The answer should be every line below, repeated exactly, with the images left out.

*** Begin section ***

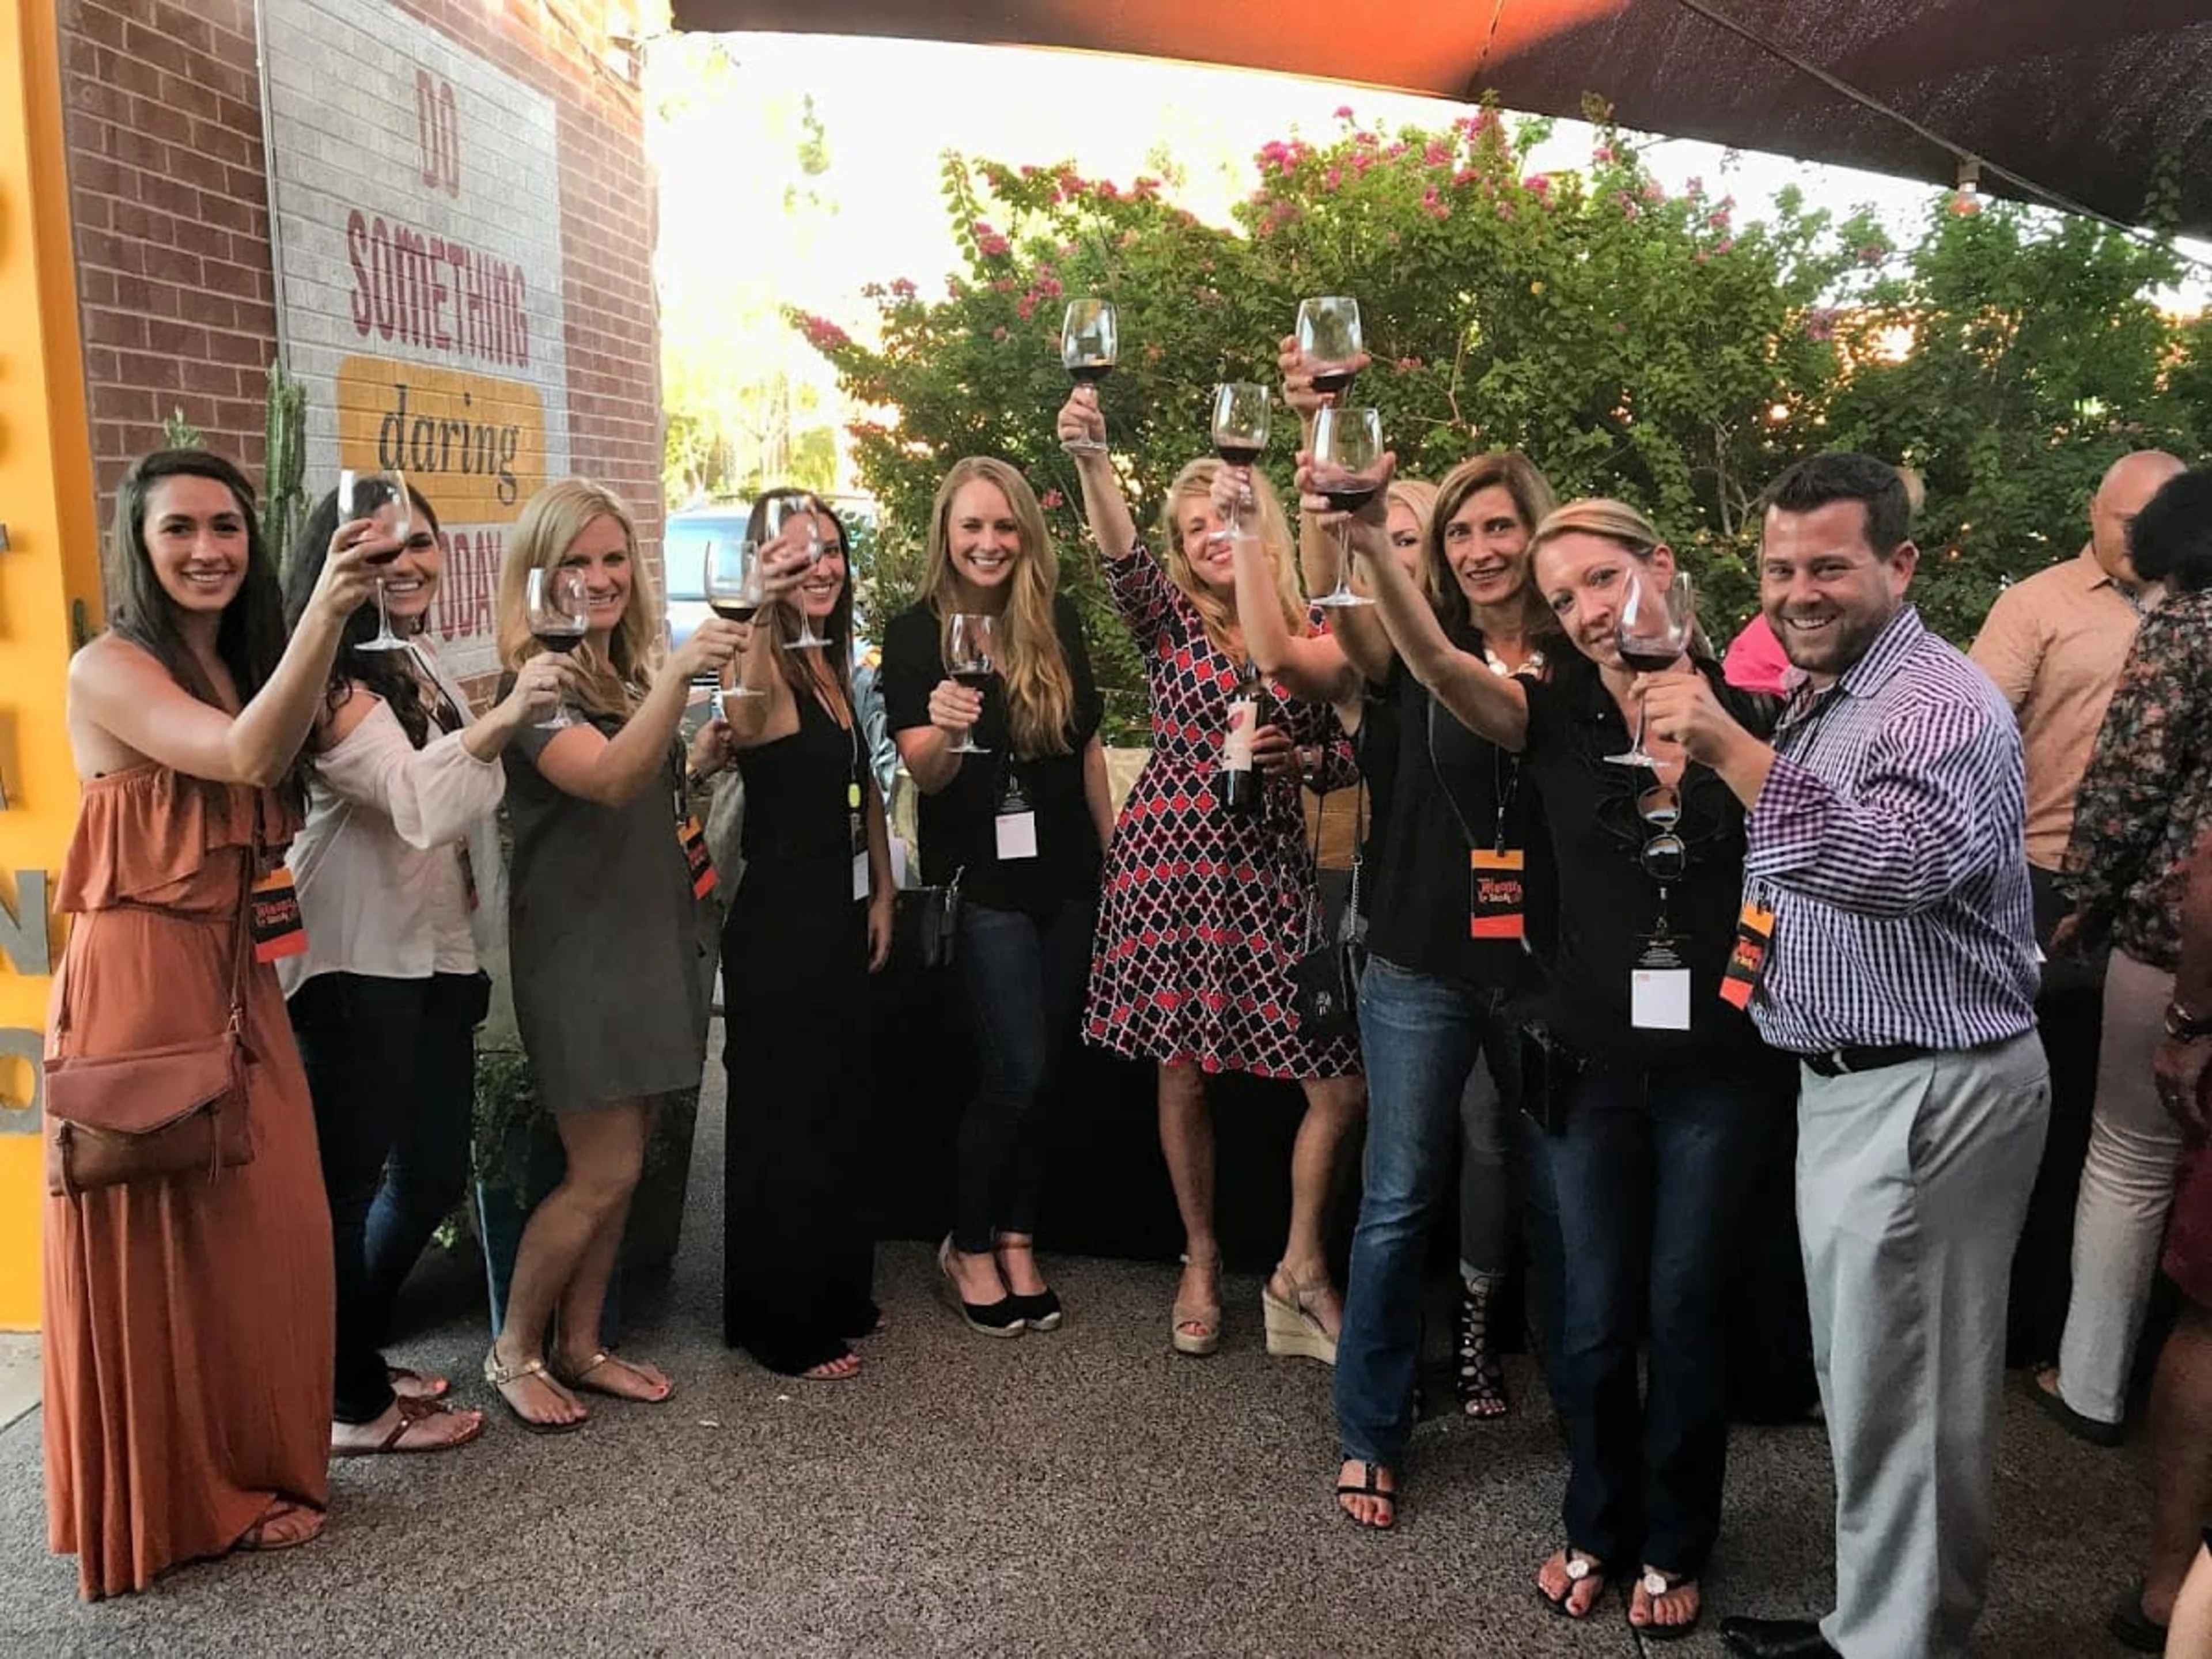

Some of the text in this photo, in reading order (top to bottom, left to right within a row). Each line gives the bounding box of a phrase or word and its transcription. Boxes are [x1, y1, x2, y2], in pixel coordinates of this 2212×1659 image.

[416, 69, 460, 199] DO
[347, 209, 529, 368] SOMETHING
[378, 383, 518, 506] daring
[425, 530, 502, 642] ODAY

*** End section ***

Output:
Some of the text in this photo, in reading order (top to bottom, left to right within a row). Each line gives the bounding box of a phrase or word and its transcription. Boxes are [x1, y1, x2, y2], in pixel coordinates of this 2212×1659 image.

[416, 69, 460, 199] DO
[347, 209, 529, 368] SOMETHING
[378, 383, 518, 506] daring
[425, 530, 502, 642] ODAY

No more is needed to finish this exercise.